China Orders Meta to Unwind $2B Manus Deal

China’s NDRC ordered Meta to unwind its $2 billion acquisition of AI startup Manus and barred foreign investment after the deal closed in December 2025.

China’s National Development and Reform Commission ordered Meta to unwind its $2 billion acquisition of AI startup Manus and prohibited foreign investment in the Manus project.

The NDRC said the parties involved must withdraw the completed transaction and that foreign investment in the acquisition of the Manus project is barred. The regulator opened a national security review of the sale in January 2026.

Meta completed the takeover of Manus, a China-founded startup that had reincorporated in Singapore, in December 2025. Manus raised $75 million in May 2025 in a round led by Benchmark. After the acquisition, outside investors exited the company and some operations moved to Singapore.

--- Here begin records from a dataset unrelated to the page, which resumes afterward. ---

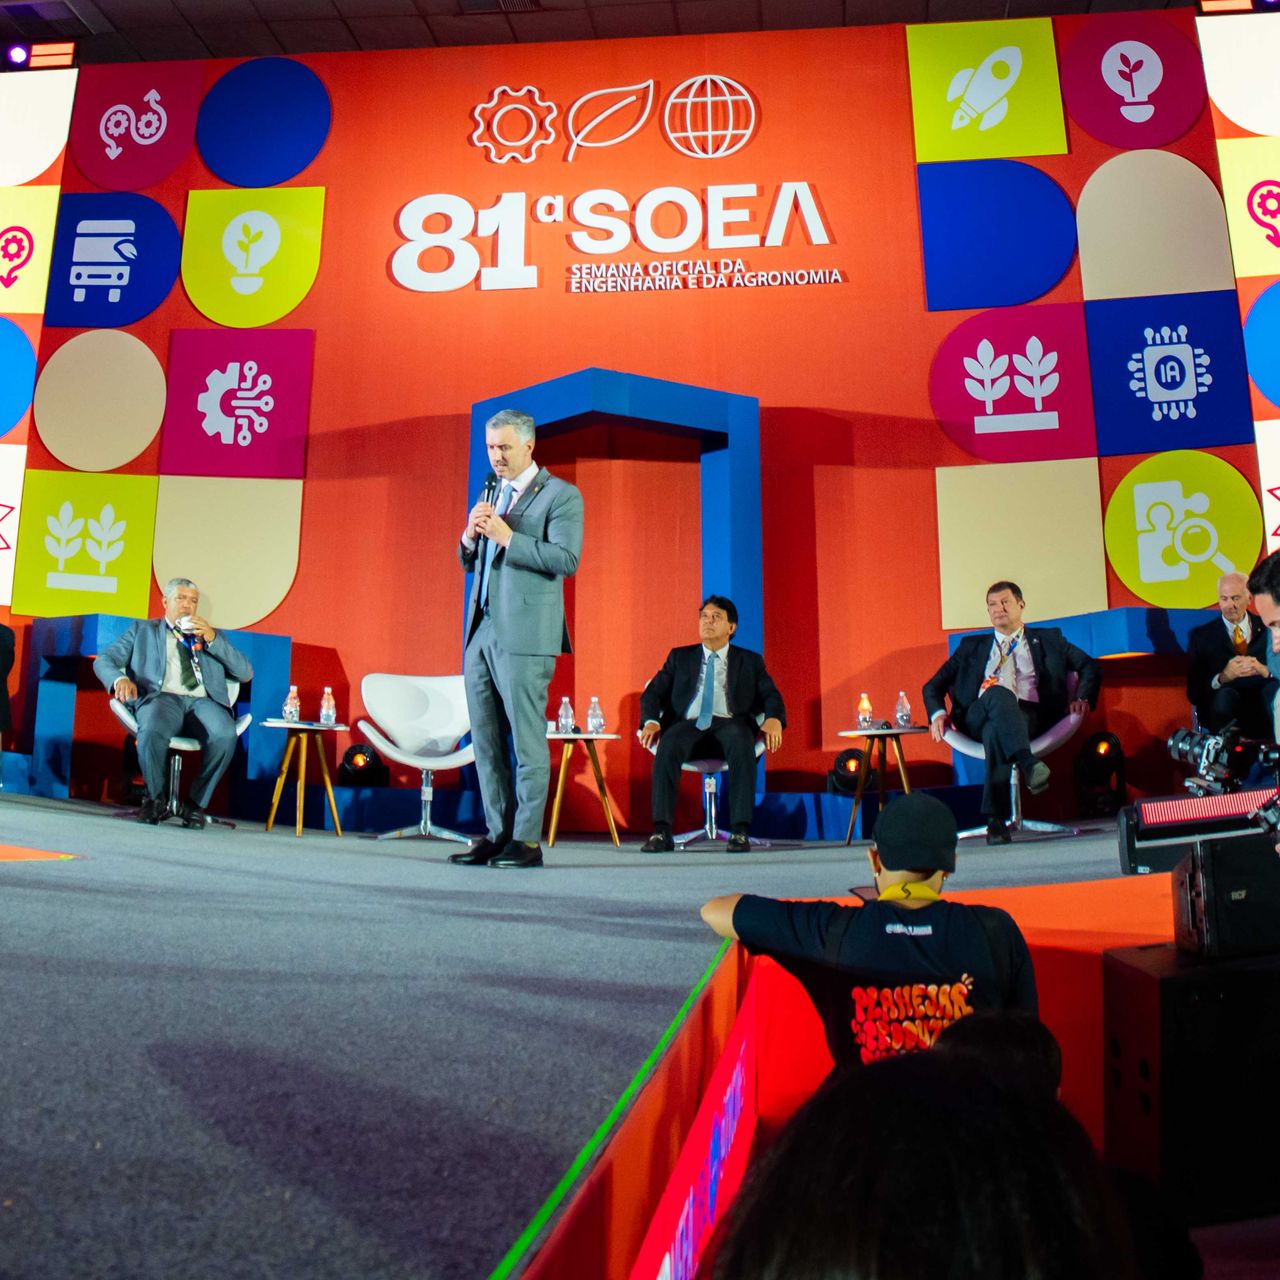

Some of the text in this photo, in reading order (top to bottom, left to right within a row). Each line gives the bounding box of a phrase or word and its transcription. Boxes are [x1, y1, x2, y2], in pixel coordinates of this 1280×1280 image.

[570, 181, 830, 254] SOEA
[571, 257, 746, 279] SEMANA OFICIAL DA
[571, 268, 842, 293] ENGENHARIA E DA AGRONOMIA
[1160, 361, 1180, 383] IA
[851, 982, 974, 1023] PLANEJAR

Manus was created by Butterfly Effect and developed AI agents able to perform tasks such as resume screening and automating stock-analysis websites. Before the acquisition, the company closed its China offices and laid off dozens of employees; its parent company reincorporated in Singapore prior to the sale.

Regulators summoned Manus executives for meetings in March 2026 and restricted two co-founders, CEO Xiao Hong and chief scientist Ji Yichao, from leaving China, according to people familiar with the case. Manus staff have relocated to Meta’s Singapore offices and work on the projects continues there.

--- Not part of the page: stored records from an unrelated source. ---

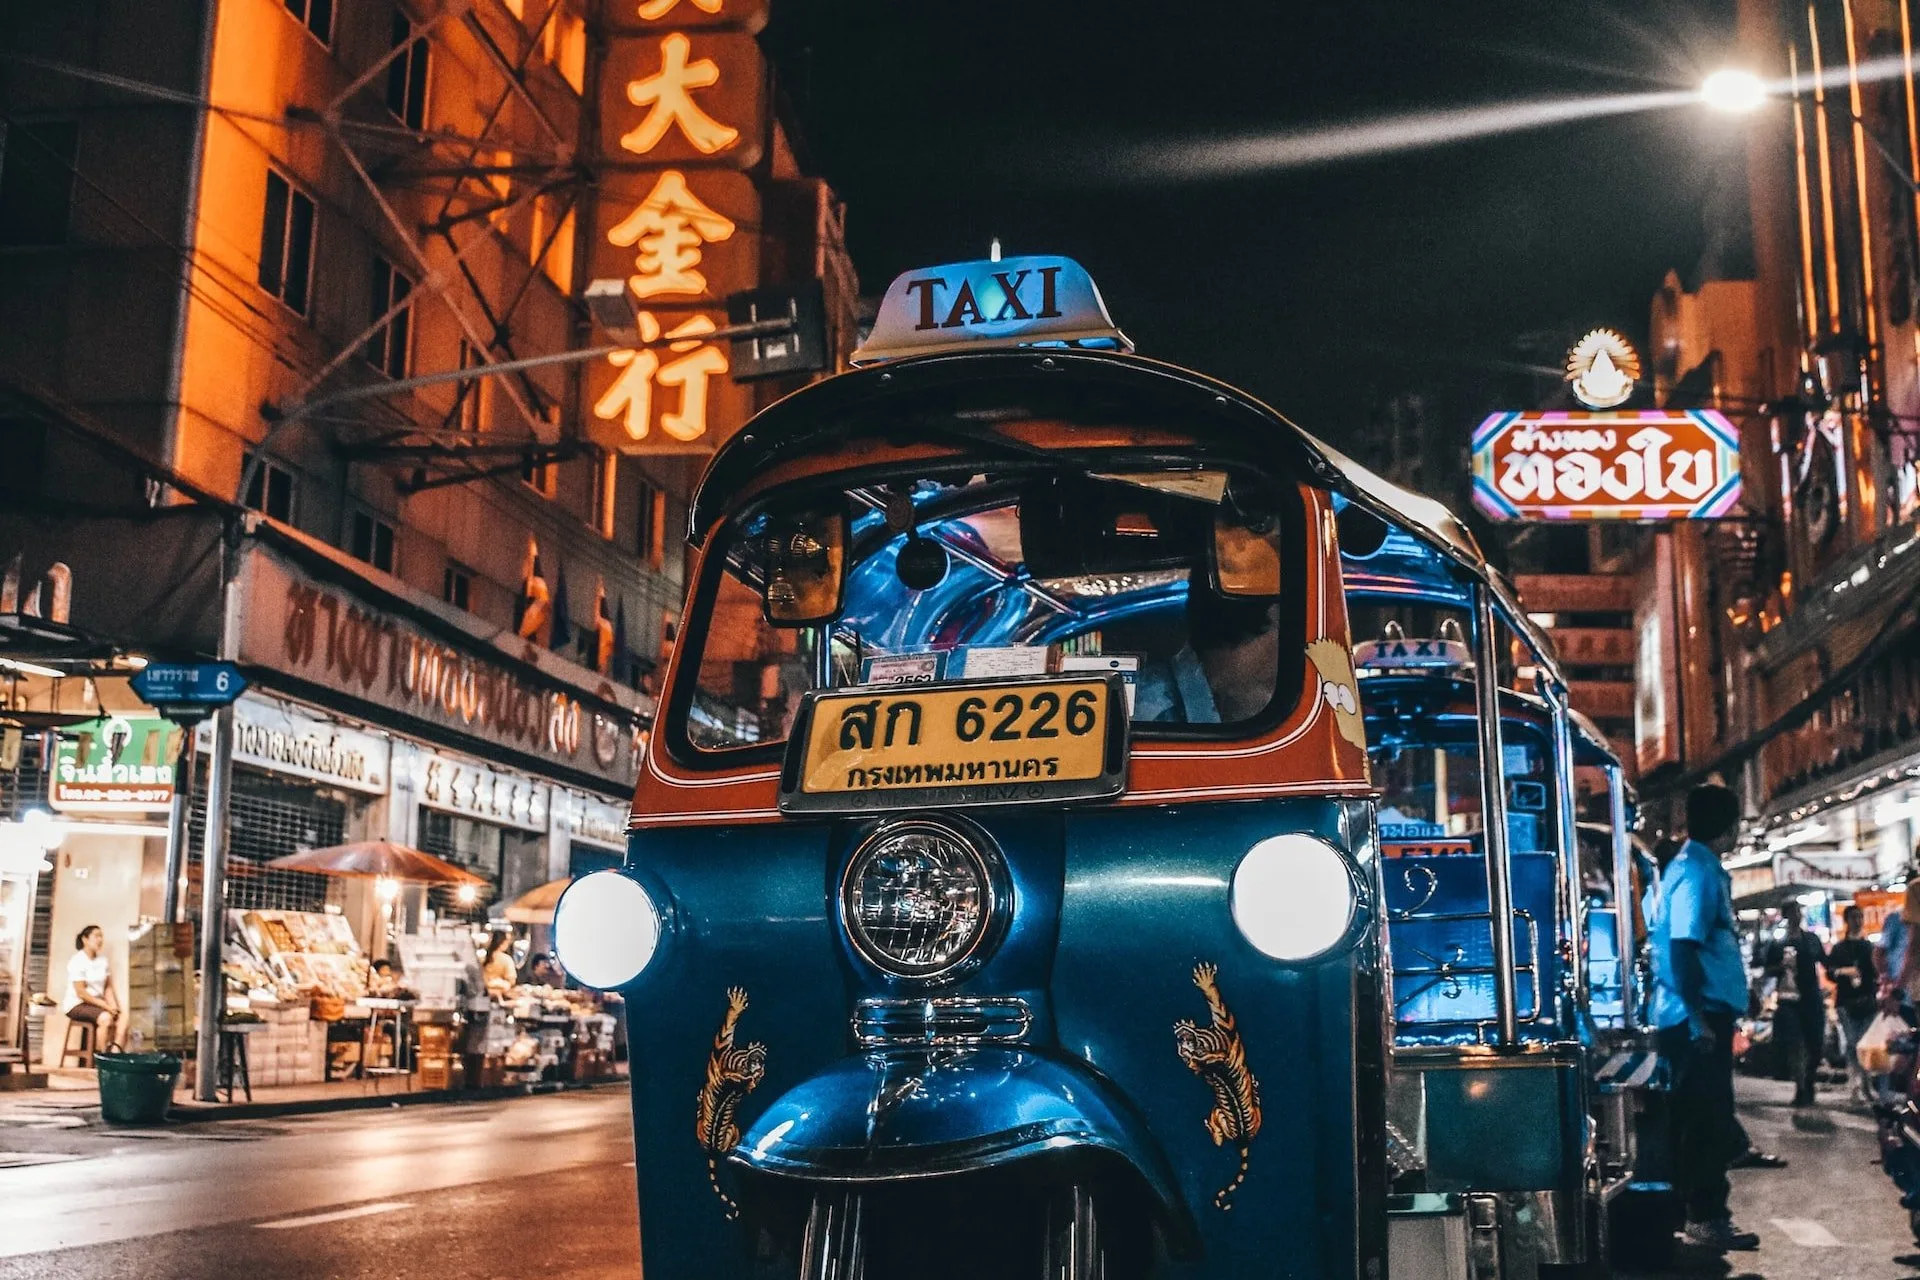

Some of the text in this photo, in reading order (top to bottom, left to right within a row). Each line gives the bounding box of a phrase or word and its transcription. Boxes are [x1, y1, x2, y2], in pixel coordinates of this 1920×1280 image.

[594, 0, 739, 441] 大金行
[906, 266, 1062, 331] TAXI
[1499, 427, 1713, 501] ทองใบ
[216, 670, 230, 692] 6
[1375, 642, 1448, 658] TAXI
[839, 690, 1097, 750] สก 6226

The NDRC’s statement said it would “prohibit the foreign investment in the acquisition of the Manus project” and “require the parties involved to withdraw the acquisition transaction.” The office that reviews the security of foreign investments launched an investigation into the transaction after the sale closed.

Chinese authorities have tightened rules on foreign investment and technology transfers since late 2025. Measures include stronger rare-earth licensing, bans on foreign AI chips in state-funded data centers and limits on certain foreign cybersecurity software. In April 2026, regulations signed by Premier Li Qiang gave authorities the power to deny entry, expel and seize assets of foreign entities found to violate Chinese economic policies.

Regulators have instructed some private tech firms to reject U.S. investment in new funding rounds unless the deals receive explicit government approval. Reported recipients of such instructions include AI startups Moonshot AI and StepFun; ByteDance has been required to seek approval for secondary share sales to U.S. investors.

At the same time, the U.S. government has tightened export and investment rules targeting China’s access to advanced chips and other high-tech inputs, and has restricted American investment in certain Chinese AI, semiconductor and quantum companies on national security grounds.

The NDRC order requires reversal of a transaction that closed in December 2025. The regulator’s review and the travel restrictions on Manus executives remain active and under investigation.